Provided records
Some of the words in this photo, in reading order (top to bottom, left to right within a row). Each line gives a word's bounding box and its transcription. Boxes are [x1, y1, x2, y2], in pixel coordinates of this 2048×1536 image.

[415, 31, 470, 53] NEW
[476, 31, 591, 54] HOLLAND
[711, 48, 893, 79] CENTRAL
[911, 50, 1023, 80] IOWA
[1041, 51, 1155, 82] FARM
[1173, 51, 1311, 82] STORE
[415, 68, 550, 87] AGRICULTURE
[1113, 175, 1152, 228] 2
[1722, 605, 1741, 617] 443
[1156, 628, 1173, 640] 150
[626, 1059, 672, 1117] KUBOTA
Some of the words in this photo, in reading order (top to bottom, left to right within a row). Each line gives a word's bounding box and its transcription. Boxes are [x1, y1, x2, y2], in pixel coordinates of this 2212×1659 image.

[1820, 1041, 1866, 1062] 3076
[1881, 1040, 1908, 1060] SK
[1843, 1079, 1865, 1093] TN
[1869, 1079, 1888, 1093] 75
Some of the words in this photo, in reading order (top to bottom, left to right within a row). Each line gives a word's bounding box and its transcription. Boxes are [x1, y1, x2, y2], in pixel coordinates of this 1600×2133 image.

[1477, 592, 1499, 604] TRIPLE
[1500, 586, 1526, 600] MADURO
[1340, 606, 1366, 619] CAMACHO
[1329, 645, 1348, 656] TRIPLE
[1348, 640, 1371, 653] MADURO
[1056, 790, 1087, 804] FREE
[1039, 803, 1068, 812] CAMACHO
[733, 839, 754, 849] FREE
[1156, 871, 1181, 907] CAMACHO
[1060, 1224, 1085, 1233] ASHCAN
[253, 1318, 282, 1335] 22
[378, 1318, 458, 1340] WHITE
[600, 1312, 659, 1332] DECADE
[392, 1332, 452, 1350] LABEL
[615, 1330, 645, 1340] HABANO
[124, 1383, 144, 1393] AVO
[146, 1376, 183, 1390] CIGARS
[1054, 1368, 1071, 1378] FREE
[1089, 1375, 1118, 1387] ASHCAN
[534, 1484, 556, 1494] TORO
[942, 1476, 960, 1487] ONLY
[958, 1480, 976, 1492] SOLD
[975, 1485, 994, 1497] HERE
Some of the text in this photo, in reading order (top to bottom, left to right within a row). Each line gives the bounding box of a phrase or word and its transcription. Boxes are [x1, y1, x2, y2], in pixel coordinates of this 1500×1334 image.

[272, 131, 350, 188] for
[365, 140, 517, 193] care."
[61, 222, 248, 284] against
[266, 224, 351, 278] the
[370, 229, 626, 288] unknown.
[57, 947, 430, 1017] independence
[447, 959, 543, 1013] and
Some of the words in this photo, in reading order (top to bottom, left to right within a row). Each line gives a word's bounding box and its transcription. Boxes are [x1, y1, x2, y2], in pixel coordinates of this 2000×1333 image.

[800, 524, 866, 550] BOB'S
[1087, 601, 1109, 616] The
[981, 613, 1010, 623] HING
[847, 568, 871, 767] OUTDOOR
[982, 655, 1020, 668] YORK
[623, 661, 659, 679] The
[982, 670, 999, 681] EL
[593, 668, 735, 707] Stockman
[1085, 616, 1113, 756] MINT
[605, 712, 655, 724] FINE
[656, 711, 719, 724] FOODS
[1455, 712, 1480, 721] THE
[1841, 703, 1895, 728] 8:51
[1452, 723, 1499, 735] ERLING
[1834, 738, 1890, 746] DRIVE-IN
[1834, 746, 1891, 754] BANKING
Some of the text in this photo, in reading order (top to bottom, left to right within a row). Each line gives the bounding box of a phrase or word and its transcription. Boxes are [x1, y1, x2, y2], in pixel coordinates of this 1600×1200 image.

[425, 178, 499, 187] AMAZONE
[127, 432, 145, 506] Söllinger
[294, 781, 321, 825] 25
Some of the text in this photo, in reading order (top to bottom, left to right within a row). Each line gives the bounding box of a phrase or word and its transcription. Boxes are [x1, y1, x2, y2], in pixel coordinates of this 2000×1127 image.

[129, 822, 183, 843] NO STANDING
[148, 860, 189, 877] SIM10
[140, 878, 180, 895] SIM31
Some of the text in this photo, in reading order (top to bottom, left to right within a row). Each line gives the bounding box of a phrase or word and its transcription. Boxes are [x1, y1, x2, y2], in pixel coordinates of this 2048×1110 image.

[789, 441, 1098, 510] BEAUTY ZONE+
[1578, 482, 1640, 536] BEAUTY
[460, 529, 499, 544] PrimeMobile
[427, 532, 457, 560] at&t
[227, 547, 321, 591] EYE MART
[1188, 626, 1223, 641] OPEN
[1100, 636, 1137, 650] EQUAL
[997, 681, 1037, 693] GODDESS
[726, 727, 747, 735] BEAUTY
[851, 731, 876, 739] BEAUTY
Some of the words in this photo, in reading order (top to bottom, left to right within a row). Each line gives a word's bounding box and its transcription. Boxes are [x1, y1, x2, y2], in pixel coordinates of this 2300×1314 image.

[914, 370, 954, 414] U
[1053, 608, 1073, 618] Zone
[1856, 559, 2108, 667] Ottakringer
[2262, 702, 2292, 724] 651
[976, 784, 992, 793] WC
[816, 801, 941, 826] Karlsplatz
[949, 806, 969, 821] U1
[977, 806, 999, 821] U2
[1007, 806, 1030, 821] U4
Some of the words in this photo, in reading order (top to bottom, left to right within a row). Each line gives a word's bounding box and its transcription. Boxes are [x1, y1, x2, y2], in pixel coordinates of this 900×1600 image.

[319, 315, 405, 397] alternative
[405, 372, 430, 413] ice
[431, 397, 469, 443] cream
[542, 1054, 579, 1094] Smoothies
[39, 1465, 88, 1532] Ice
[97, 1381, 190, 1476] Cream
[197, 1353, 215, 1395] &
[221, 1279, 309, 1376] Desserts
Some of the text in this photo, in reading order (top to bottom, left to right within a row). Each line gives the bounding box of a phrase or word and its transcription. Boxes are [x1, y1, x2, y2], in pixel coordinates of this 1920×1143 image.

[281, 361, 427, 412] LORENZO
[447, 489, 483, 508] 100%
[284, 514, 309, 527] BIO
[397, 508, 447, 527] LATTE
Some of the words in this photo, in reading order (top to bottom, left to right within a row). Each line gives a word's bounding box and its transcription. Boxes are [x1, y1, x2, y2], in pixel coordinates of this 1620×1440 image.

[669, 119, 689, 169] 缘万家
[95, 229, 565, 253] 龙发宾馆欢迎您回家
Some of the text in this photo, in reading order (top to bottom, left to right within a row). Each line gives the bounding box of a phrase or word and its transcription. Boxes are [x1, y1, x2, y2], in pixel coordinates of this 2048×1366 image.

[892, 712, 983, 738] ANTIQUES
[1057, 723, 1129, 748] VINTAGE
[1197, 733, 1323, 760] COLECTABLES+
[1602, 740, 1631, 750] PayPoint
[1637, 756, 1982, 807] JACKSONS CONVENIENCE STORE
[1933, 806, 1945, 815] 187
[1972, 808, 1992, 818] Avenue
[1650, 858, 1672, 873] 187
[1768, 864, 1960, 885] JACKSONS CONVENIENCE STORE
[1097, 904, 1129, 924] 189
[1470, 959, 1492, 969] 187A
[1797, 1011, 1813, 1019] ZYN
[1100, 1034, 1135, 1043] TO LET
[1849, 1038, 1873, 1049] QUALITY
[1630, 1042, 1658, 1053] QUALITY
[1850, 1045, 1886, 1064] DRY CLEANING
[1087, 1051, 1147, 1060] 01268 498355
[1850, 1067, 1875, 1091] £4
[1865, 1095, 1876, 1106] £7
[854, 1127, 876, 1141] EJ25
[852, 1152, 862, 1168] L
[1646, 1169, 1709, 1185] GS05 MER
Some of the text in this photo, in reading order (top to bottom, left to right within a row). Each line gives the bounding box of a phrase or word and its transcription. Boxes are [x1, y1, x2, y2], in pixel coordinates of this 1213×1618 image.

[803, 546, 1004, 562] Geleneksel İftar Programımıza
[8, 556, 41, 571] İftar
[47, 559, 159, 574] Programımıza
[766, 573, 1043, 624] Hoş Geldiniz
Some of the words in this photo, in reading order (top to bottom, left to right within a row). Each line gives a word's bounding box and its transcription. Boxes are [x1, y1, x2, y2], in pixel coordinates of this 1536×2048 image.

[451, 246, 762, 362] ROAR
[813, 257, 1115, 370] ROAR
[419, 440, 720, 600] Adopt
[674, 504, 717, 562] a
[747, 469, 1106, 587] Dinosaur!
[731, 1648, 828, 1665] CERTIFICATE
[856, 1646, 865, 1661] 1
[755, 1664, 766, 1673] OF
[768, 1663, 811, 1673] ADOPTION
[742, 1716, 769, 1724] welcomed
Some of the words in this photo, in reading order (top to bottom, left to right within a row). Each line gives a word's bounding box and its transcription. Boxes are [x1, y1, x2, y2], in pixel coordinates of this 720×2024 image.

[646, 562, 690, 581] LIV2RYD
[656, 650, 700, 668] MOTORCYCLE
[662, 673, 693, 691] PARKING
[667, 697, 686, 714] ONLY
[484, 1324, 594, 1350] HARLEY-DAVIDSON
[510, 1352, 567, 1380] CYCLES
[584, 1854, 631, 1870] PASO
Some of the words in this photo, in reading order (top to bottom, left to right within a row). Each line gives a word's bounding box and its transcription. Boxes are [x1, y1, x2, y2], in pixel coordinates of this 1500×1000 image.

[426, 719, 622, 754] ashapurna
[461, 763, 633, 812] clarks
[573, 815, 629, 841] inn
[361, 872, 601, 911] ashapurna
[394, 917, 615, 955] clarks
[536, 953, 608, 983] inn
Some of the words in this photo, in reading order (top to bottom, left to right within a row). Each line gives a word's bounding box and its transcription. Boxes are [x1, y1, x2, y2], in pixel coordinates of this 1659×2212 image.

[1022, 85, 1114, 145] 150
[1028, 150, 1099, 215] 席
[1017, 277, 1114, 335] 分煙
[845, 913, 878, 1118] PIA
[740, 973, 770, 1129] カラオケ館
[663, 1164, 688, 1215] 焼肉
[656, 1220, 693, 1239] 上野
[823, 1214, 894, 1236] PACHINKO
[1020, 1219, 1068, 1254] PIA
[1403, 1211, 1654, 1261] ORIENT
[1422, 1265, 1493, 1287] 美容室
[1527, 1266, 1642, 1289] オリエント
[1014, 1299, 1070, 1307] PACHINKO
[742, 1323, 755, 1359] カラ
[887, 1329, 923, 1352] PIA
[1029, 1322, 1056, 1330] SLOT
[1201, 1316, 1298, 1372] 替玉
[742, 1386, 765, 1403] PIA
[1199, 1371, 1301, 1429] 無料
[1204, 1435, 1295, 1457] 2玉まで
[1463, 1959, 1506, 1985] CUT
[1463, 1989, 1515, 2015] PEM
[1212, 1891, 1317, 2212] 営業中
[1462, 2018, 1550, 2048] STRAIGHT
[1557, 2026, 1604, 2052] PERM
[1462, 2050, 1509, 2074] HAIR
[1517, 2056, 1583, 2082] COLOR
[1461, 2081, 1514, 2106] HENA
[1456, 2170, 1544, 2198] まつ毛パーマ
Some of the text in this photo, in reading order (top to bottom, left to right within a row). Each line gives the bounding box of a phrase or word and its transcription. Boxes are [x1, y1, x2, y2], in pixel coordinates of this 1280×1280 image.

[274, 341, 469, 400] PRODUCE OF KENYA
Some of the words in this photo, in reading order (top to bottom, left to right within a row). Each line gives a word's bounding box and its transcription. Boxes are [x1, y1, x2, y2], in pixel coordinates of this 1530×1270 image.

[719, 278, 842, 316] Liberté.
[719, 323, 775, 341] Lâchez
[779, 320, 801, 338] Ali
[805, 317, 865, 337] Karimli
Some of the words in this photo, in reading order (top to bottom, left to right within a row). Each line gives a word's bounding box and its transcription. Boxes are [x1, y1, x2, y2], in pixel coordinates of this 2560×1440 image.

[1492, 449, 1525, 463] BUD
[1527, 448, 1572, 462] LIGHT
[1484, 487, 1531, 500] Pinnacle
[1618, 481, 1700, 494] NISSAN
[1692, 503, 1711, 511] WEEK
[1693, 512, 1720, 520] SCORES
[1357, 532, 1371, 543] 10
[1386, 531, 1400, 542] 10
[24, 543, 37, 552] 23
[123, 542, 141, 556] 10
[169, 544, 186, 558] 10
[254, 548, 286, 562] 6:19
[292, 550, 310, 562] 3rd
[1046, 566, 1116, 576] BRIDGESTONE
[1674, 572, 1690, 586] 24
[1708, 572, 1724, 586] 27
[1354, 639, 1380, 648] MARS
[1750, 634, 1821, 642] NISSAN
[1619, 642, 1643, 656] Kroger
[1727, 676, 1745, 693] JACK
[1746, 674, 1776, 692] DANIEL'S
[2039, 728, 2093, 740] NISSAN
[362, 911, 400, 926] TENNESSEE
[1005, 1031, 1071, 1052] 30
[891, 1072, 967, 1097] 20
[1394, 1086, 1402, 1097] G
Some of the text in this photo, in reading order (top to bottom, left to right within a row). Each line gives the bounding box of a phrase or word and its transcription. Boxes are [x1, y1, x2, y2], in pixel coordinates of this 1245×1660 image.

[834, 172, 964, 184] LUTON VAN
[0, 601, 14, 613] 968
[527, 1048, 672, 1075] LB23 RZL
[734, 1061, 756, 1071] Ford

Problem details
Where the line containing "this 1245×1660 image." appears in the records above, begin there and print every line through the last, exactly and with nothing else.

Answer space
Some of the text in this photo, in reading order (top to bottom, left to right within a row). Each line gives the bounding box of a phrase or word and its transcription. Boxes are [x1, y1, x2, y2], in pixel coordinates of this 1245×1660 image.

[834, 172, 964, 184] LUTON VAN
[0, 601, 14, 613] 968
[527, 1048, 672, 1075] LB23 RZL
[734, 1061, 756, 1071] Ford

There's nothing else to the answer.